## Task instructions
Write down the listing again exactly as it appears below, without its pictures.

## Data for the task
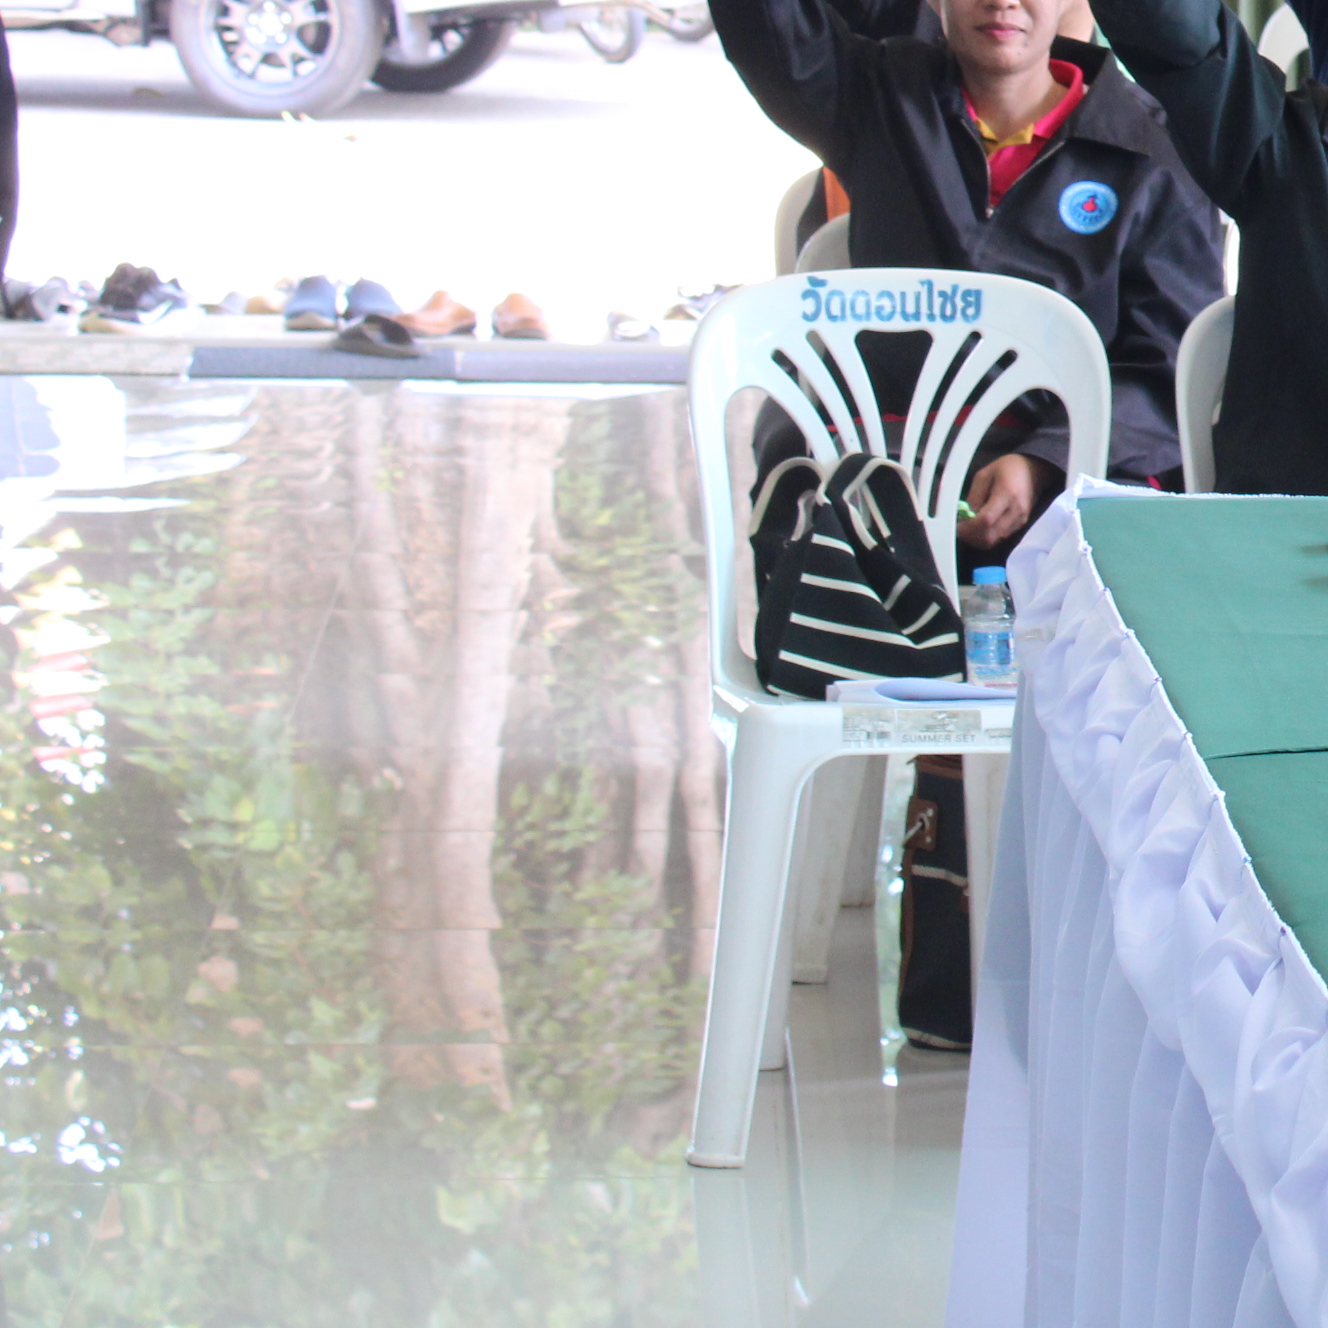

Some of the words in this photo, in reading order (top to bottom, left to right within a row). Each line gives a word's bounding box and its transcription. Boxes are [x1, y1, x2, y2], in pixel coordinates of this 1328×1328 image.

[800, 275, 983, 323] วัดดอนไชย
[901, 734, 951, 743] SUMMER
[955, 734, 976, 743] SET
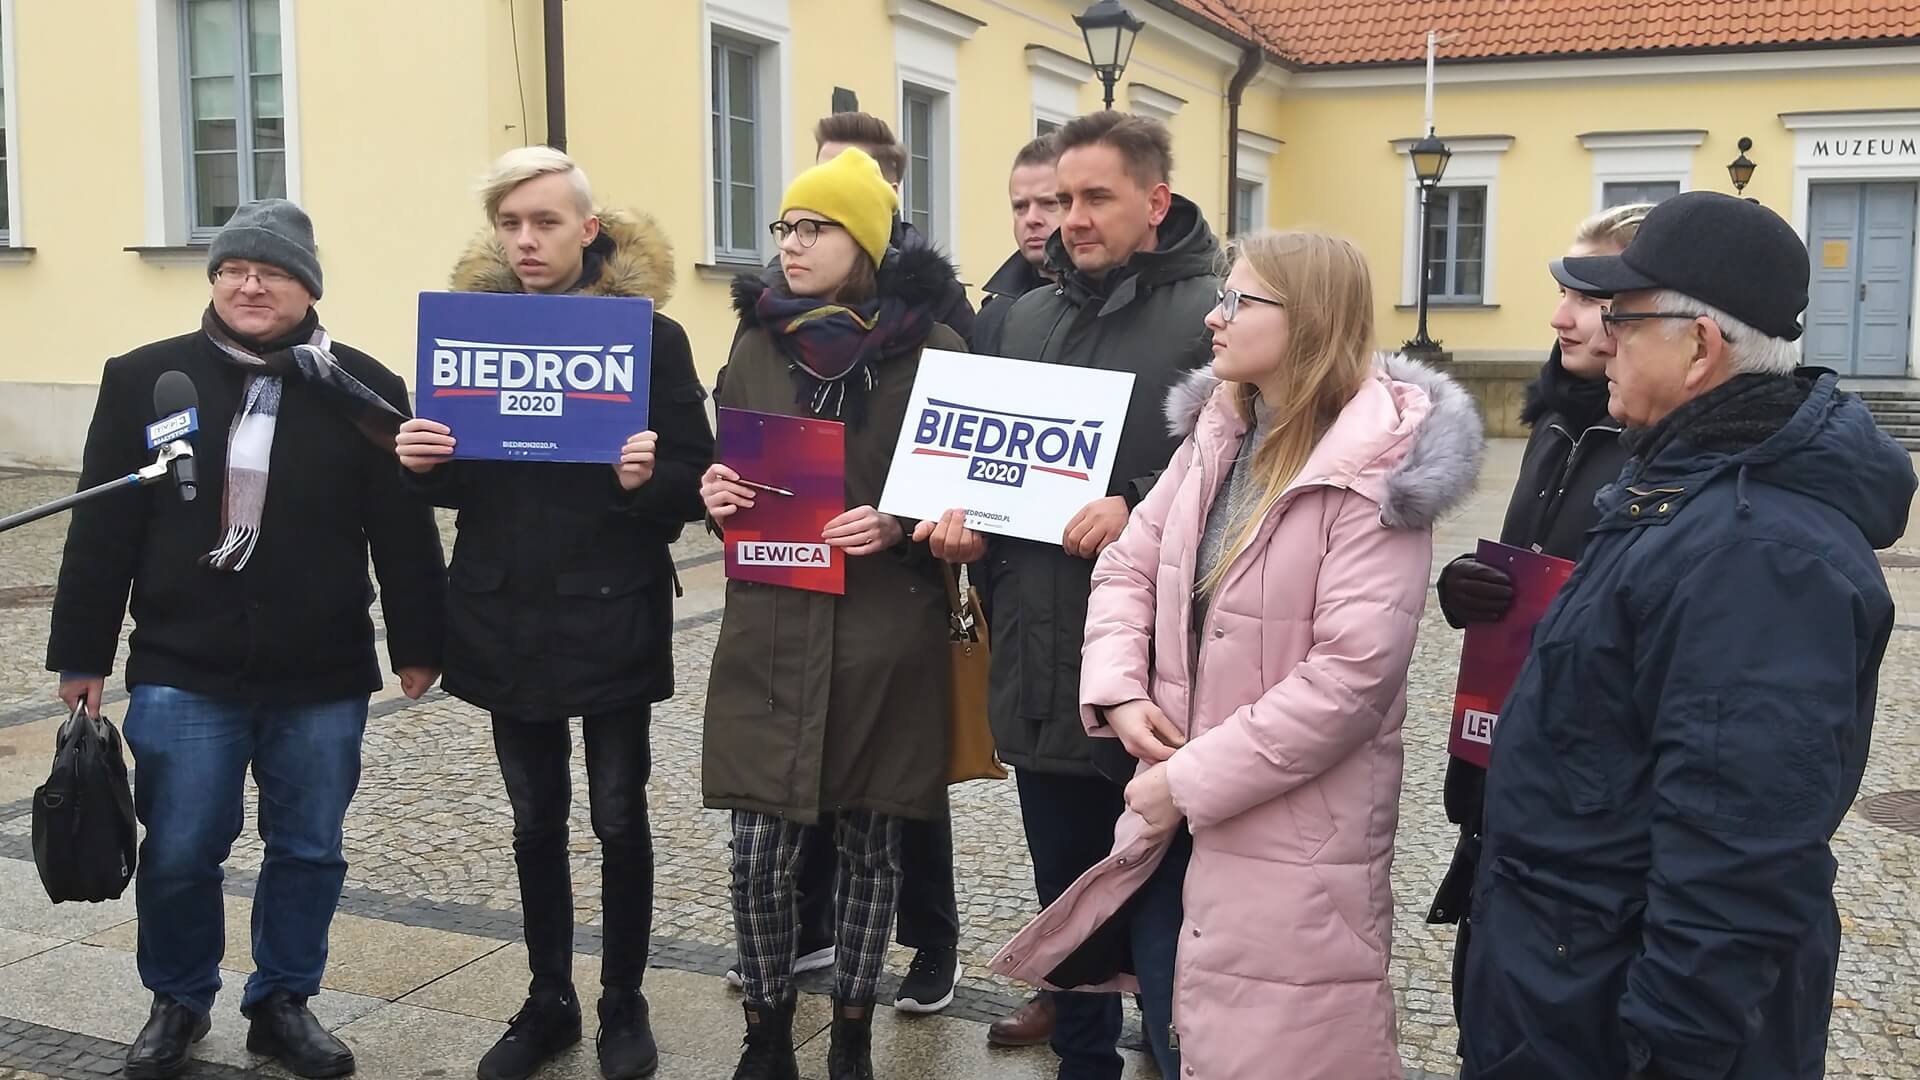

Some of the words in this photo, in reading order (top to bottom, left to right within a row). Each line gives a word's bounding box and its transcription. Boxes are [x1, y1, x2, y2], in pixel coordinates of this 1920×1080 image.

[1813, 138, 1917, 156] MUZEUM
[433, 344, 634, 392] BIEDROŃ
[507, 395, 556, 412] 2020
[914, 408, 1104, 470] BIEDROŃ
[973, 461, 1020, 483] 2020
[964, 508, 1011, 523] IEDRON2020.PL
[744, 545, 826, 563] LEWICA

## Solution to the problem
Some of the words in this photo, in reading order (top to bottom, left to right within a row). Each line gives a word's bounding box and its transcription. Boxes are [x1, y1, x2, y2], in pixel coordinates of this 1328×1328 image.

[800, 275, 983, 323] วัดดอนไชย
[901, 734, 951, 743] SUMMER
[955, 734, 976, 743] SET

Some of the words in this photo, in reading order (top to bottom, left to right within a row). Each line gives a word's bounding box and its transcription. Boxes are [x1, y1, x2, y2], in pixel coordinates of this 1920×1080 image.

[1813, 138, 1917, 156] MUZEUM
[433, 344, 634, 392] BIEDROŃ
[507, 395, 556, 412] 2020
[914, 408, 1104, 470] BIEDROŃ
[973, 461, 1020, 483] 2020
[964, 508, 1011, 523] IEDRON2020.PL
[744, 545, 826, 563] LEWICA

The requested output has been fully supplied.